2. Se i connettori incompleti sono utilizzati, un numero minimo dei cicli (1-3) dovrebbe essere amplificato per ottenere una biblioteca completa.

3. Se la qualità del DNA dell'input è povera, o la selezione di dimensione è effettuata durante la costruzione delle biblioteche, il numero dei cicli di amplificazione dovrebbe essere aumentato giustamente.

[Processo standard della costruzione delle biblioteche]

Riparazione di conclusione

Nota: Se il DNA spezzettato supera il μl 45 prima che questo punto, o l'amplificatore sia incompatibili con l'amplificatore della riparazione di conclusione, una purificazione magnetica della perla dovrebbe essere eseguita in primo luogo.

1. Prepari la seguente reazione in un tubo di PCR di 200 μl:

Reagenti Volume
DNA spezzettato Variabile
Riparazione di conclusione & miscela della Un-parte incastrata di un mattone in aggetto μl 20
ddH2 O A μl 65

2. Vortice delicatamente e rotazione giù brevemente per mescolarsi bene, centrifugare brevemente e raccogliere tutto il liquido al fondo del tubo.

3. Esegua la seguente reazione in un cycler termico:

Temperatura Tempo
20°C 15min
65°C 15min
4°C

Legatura dell'adattatore

1. Procedi appena possibile alla reazione di legatura dopo la preparazione dell'estremità.

2. Diluisca l'adattatore secondo la tabella 1.

3. Prepari il seguente sistema di reazione:

Reagenti Volume
Riparazione di conclusione e prodotti della Un-parte incastrata di un mattone in aggetto μl 65
Amplificatore veloce di legatura μl 25
Ligasi veloce del DNA μl 5
Adattatore X per MGI μl 5
Totale μl 100

4. Vortice delicatamente e rotazione giù brevemente per mescolarsi bene, centrifugare brevemente e raccogliere tutto il liquido al fondo del tubo.

5. Esegua la seguente reazione in un cycler termico:

Temperatura Tempo
20°C 15min
4°C

Soluzione raccomandata per pulizia di PCR/selezione di dimensione (il volume magnetico specifico della perla dovrebbe essere il regolato secondo la dimensione del campione reale)

1. Prepari 100 prodotti di legatura del μl in un tubo centrifugo appropriato.

2. Aggiunga il μl 100 delle perle magnetiche risospese di selezione del DNA al campione. Delicatamente colpo con una pipetta per 10 volte (o vortice per 30 s). Incubi i campioni per il min 5 alla temperatura ambiente.

3. Disponga il tubo su uno scaffale magnetico appropriato per separare le perle dal surnatante. Quando la soluzione è chiara, rimuovere e scartare con attenzione il surnatante con una pipetta (non scarti le perle).
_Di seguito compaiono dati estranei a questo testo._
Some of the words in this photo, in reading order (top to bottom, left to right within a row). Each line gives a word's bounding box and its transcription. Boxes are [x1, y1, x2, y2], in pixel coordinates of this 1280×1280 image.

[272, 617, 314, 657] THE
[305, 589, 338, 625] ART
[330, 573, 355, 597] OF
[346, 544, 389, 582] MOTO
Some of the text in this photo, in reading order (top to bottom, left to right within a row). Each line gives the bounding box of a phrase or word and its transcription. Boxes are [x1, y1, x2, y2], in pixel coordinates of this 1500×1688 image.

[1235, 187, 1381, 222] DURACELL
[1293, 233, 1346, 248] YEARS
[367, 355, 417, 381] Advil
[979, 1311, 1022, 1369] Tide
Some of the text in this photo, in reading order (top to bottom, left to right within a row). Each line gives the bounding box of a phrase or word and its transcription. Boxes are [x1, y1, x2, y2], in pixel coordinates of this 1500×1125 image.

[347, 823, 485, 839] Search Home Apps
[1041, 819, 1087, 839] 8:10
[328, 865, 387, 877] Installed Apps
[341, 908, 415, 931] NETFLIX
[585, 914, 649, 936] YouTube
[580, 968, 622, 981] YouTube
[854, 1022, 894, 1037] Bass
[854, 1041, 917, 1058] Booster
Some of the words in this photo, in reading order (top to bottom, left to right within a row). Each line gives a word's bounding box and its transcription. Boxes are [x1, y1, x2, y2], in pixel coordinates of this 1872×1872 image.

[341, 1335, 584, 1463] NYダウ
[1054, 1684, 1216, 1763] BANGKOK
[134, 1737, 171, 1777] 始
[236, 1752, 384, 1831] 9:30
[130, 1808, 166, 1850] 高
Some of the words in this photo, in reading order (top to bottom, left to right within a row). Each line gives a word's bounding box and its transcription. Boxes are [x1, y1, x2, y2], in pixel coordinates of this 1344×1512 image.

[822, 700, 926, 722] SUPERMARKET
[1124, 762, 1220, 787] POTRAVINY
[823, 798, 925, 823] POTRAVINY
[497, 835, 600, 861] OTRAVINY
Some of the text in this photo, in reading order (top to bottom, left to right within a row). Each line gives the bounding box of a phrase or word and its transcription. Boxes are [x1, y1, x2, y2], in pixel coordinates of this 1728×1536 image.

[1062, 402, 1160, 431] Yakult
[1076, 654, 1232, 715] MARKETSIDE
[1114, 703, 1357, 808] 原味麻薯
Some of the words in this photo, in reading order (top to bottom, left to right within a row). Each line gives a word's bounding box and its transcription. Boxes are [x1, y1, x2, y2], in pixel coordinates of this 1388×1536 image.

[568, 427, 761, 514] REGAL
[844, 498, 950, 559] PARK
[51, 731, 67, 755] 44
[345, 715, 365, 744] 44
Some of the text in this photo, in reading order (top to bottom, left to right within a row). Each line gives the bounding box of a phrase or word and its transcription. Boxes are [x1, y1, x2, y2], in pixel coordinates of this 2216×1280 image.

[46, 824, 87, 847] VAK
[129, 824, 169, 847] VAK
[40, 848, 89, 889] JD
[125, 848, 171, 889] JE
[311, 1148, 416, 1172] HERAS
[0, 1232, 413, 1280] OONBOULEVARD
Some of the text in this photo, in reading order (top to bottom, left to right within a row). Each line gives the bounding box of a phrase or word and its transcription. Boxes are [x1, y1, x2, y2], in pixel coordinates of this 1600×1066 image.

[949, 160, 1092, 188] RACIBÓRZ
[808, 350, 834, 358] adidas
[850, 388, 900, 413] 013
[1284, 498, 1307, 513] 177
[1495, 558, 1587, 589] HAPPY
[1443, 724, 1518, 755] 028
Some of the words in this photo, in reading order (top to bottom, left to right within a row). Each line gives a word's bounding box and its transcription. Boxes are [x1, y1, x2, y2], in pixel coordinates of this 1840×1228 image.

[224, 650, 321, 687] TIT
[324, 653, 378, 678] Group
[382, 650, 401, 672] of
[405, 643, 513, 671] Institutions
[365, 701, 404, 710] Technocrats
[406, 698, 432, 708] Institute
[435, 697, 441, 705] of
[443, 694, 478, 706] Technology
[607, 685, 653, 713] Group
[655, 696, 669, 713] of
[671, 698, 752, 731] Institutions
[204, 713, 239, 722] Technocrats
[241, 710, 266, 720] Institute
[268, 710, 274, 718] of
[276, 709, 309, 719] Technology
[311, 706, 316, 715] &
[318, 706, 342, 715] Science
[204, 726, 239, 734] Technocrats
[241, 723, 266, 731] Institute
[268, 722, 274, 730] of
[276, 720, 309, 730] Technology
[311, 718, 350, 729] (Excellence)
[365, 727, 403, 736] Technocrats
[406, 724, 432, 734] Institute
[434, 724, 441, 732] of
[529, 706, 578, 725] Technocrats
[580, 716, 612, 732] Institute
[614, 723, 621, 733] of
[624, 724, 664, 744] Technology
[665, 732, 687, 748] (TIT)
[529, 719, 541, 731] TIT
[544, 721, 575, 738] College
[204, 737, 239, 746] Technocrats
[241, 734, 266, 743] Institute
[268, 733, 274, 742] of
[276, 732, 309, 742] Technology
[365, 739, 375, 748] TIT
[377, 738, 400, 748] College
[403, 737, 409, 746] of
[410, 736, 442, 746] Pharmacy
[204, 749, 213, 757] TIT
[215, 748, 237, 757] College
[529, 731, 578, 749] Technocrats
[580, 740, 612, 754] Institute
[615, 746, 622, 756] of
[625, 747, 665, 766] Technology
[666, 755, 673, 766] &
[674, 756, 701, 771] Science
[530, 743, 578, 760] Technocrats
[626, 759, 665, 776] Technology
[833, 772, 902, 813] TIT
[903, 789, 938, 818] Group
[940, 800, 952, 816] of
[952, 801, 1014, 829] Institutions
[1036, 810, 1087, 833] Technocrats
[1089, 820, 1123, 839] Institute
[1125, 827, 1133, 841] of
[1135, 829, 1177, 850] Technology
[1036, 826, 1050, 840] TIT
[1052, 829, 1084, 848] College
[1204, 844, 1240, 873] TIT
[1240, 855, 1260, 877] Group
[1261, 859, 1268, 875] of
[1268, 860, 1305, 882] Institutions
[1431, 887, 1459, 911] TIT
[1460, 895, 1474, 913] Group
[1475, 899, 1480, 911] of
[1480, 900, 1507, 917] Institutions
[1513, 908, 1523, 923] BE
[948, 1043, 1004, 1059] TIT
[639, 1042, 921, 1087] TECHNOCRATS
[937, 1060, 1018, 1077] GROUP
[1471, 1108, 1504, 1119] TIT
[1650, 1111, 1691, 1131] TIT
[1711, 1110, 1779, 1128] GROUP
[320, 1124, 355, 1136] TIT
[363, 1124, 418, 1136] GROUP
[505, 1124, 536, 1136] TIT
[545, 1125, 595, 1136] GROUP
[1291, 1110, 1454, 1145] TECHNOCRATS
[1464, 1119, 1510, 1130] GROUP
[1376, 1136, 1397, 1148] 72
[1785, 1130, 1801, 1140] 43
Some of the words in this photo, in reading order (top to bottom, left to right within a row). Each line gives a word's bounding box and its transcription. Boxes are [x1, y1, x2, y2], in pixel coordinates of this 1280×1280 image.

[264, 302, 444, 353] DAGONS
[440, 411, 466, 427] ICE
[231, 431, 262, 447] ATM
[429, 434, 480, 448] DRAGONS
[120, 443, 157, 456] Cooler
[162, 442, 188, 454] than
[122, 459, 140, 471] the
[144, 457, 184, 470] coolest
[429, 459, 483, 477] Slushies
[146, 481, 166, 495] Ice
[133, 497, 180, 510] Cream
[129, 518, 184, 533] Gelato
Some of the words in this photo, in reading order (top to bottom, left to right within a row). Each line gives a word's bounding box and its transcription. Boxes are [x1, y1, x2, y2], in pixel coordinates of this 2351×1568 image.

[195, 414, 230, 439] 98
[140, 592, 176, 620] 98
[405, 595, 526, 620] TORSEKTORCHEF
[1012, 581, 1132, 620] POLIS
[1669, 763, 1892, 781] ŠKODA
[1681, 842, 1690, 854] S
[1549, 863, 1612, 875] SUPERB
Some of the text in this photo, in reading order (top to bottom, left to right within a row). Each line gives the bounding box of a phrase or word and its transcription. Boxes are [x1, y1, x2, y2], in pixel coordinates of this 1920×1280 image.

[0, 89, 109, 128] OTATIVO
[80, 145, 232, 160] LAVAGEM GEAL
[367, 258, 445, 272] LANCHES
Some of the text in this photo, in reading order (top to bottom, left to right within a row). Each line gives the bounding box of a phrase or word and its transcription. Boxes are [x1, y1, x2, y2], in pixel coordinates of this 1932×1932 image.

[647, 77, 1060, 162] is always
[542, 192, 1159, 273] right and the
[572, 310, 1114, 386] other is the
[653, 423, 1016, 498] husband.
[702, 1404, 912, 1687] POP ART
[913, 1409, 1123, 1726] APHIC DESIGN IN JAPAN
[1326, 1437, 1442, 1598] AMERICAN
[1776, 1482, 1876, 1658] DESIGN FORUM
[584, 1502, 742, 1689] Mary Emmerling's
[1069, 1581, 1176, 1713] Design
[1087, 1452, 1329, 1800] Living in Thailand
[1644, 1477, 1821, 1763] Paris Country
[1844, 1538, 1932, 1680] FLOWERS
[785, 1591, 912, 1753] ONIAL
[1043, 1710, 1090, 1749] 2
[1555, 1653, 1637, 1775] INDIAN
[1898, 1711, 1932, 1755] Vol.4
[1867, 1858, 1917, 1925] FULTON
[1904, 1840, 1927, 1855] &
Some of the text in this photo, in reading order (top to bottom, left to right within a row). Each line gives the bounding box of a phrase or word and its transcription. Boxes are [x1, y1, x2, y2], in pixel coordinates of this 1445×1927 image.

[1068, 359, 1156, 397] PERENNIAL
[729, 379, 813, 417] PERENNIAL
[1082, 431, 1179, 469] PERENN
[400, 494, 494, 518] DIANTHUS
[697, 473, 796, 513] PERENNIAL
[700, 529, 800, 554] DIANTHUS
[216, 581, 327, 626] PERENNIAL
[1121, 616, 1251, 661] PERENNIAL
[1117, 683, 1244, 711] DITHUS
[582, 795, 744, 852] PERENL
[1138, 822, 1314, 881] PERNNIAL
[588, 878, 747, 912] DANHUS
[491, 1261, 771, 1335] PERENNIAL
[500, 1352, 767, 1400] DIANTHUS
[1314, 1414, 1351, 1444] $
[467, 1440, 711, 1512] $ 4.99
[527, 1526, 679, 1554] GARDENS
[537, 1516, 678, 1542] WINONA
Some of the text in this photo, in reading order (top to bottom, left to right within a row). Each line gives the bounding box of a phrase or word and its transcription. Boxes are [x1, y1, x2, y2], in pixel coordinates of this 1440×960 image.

4. Aggiunga un μl 200 dell'etanolo appena preparato di 80% al tubo mentre nello scaffale magnetico. Incubi alla temperatura ambiente per 30 s e poi rimuovere e scartare con attenzione il surnatante (non disturbi le perle).

5. Ripeti una volta punto 4 per complessivamente due lavaggi.

Nota: Sia sicuro di rimuovere tutto il liquido visibile dopo seconda Washington.

6. Asciughi all'aria le perle finché la superficie delle perle magnetiche non abbia lucentezza ovvia mentre il tubo è sullo scaffale magnetico con il coperchio aperto.

Nota: Faccia non overdry le perle, questa può provocare il recupero più basso di DNA. Quando le perle cominciano fendersi, sono troppo asciutte.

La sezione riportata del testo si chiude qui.